Classic fairy tales get retold now and again in cinema, often with a modern spin to appeal to a contemporary audience. Director Hosoda Mamoru takes that concept with his latest animated feature Belle, which is a modern interpretation of the timeless story Beauty and the Beast that takes place in a world much like our own with technology and social media at the forefront. Most stories dealing with technology often become a cautionary tale of the dangers it carries, but Mamoru takes a different approach by showcasing how it can connect people everywhere and allow them to be themselves.
Belle centers on high school student Suzu, a 17-year-old girl in Japan who lives with her father. After losing her mother at a young age, Suzu often distances herself from others and keeps to herself. She soon gets invited to try out a new virtual app called U, which is designed as a virtual world where millions of users have created avatars and interact with others around the world. The avatar is designed to take a person’s biometric information to match their personality online. U sounds a lot like the social media apps that we all use to gain followers and express our opinions for everyone to see. Suzu creates an avatar called Belle, an alter ego who is nothing like Suzu but actually becomes a way for her to come out of her shell without anyone knowing who she is. By creating this alternate personality, Belle becomes an overnight sensation thanks to her gifted voice and gains many followers.
The world of U is incredible and visually stunning. The virtual space shown in the film has vibrant colors that stand out on the screen and has a wide variety of characters that are very surreal to look at, but also pretty engrossing. It often feels similar to Mamoru’s other film Summer Wars, but rather than exploring video games, we see the world of social media is explored in this virtual world. In Belle, U gives Suzu a chance to find her voice again after her trauma took out her singing talent. She is able to finally unlock her hidden potential and share it with the world without exposing who she really is.

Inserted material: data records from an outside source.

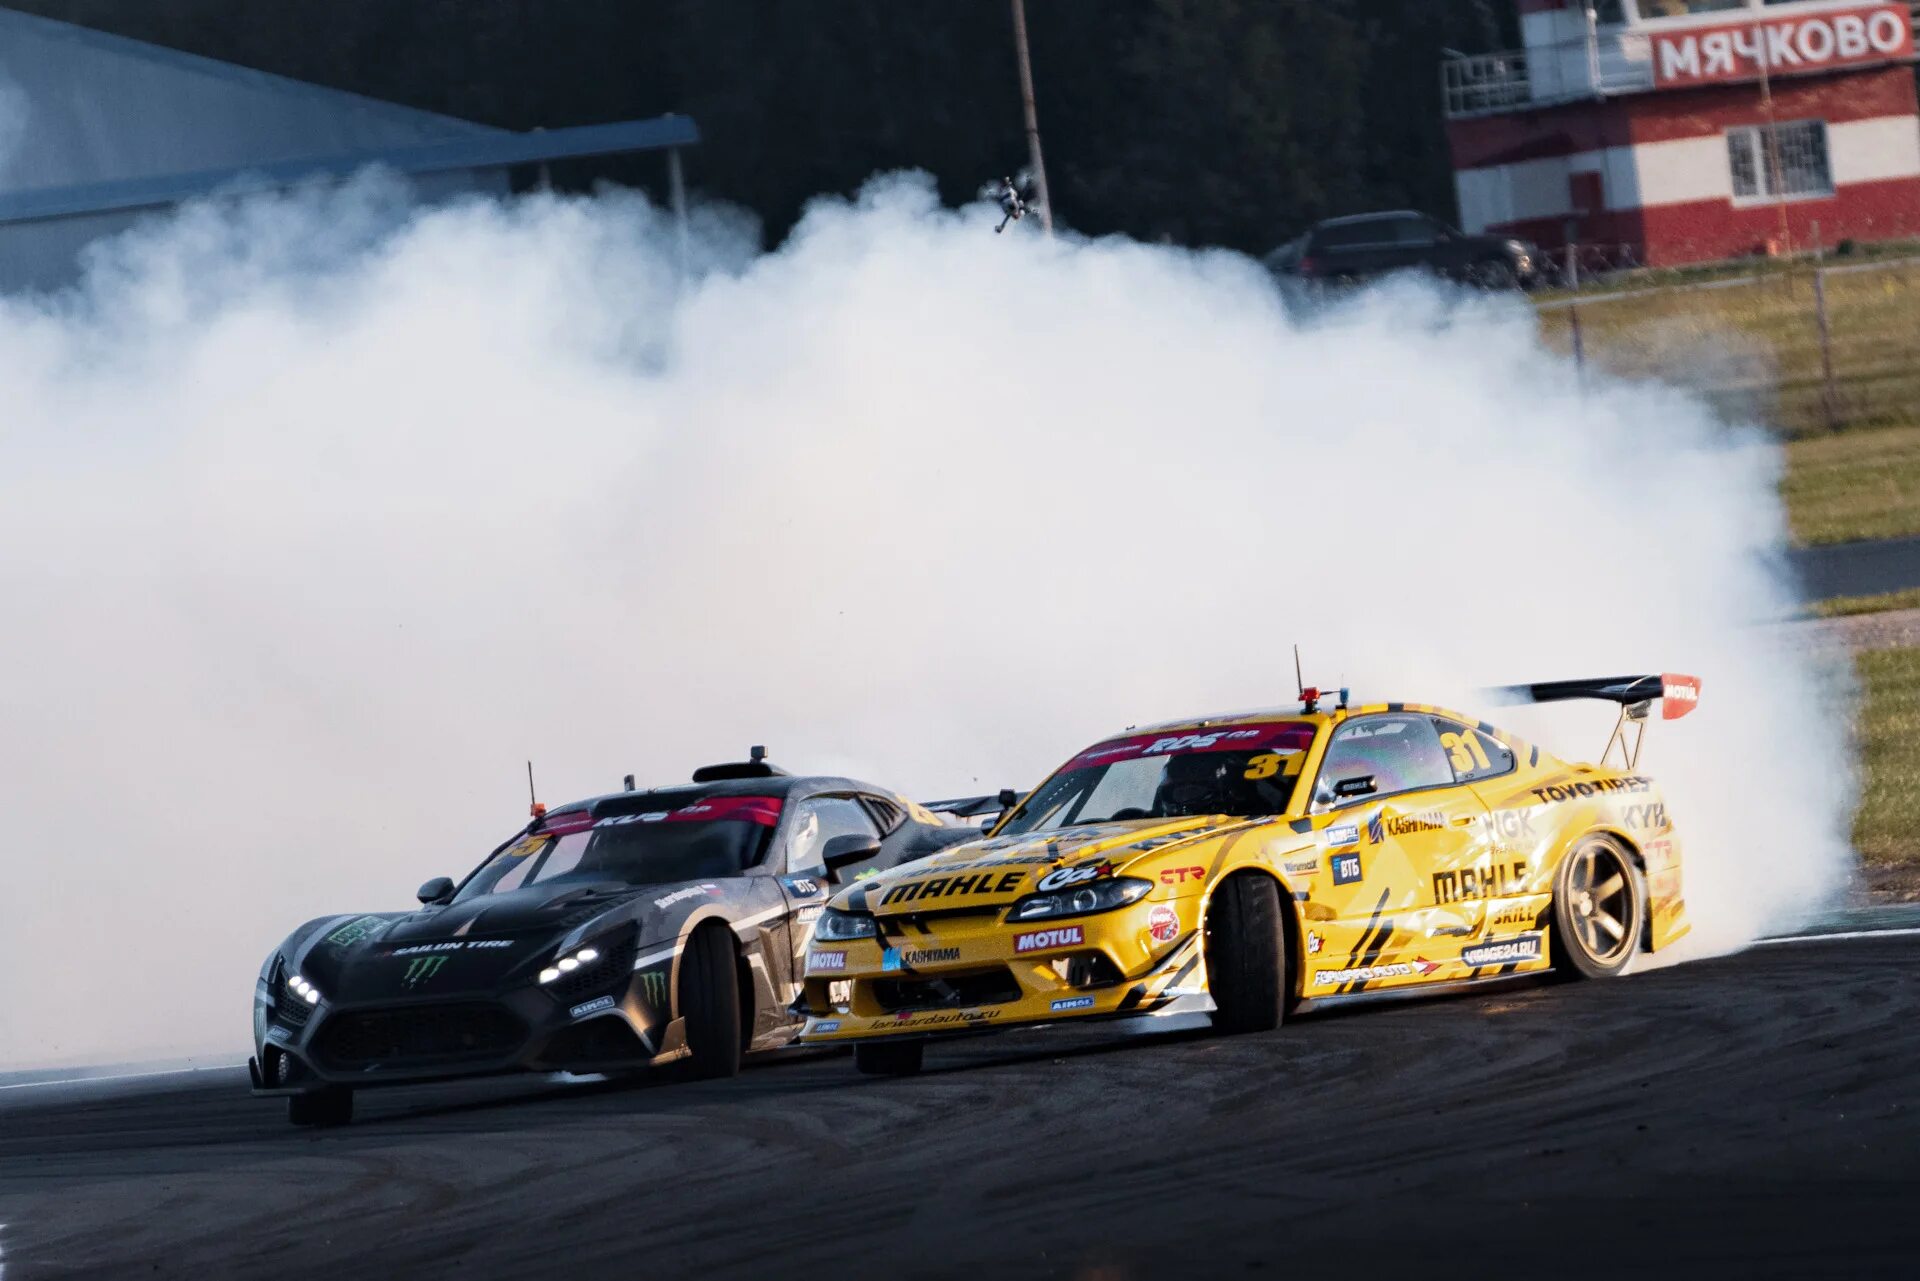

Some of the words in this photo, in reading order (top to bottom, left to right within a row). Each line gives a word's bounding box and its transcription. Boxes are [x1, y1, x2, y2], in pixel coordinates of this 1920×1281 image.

[1658, 10, 1905, 81] МЯЧКОВО
[1664, 682, 1697, 700] MOTUL
[1142, 731, 1229, 753] RDS
[1440, 729, 1491, 773] 31
[1244, 752, 1307, 780] 31
[1483, 807, 1535, 838] NGK
[1160, 866, 1206, 884] CTR
[1432, 861, 1526, 905] MAHLE
[880, 871, 1028, 905] MAHLE
[392, 941, 463, 956] SAILUN
[466, 940, 514, 949] TIRE
[1017, 928, 1082, 950] MOTUL
[810, 952, 844, 968] MOTUL
[905, 948, 960, 965] KASHIYAMA
[868, 1010, 1001, 1030] forwardauto.ru

Since the passing of her mother, Suzu still reels from that loss and feels that she abandoned her. It caused a rift between Suzu and her father as they don’t bond like they used to. Other than her friend Hiroka, Suzu doesn’t get involved socially with other classmates. She also feels shy around her childhood friend and crush, Shinobu. As she rises in fame thanks to her alter ego, Suzu becomes entangled with a dragon-like avatar known as the Beast, whom every user is afraid of and is hunted down by administrators for his presence. Suzu starts reaching out to him and makes a connection as she attempts to protect him.

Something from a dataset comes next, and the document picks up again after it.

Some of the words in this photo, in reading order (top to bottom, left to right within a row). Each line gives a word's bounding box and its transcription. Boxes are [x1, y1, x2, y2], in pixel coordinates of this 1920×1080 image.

Even though the story is often taking cues from Beauty and the Beast, Mamoru finds ways to make it different from that with a great plot that connects with the society we live in now. The film cleverly shows how people can live two lives, one in the real world and the other in the virtual space. It points out how people choose to perceive themselves in front of others while hiding their true nature. This virtual world not only helped Suzu rediscover her voice, but she also was able to connect with the boy underneath the Beast persona and make an impact on the real world. Speaking of her voice, the film utilizes the talent behind the mic really well with some melodic numbers that are sure to bring in some listeners into the amazing soundtrack.
Belle is certainly one of Mamoru’s most innovative works to date. With every passing film, the filmmaker finds a way to stun the senses with amazing imagery and a touching story that grabs your heart. It gives the lesson of how the actions of living the virtual life can also carry over to the real world. Filled with compassion, Suzu is the heart of the story throughout the whole film. Outside of all the incredible visuals and music, Belle’s strength lies in the spirit it carries as it focuses on the typical life of a teenager as she discovers herself and the power of social media.
Belle is out in US theaters now.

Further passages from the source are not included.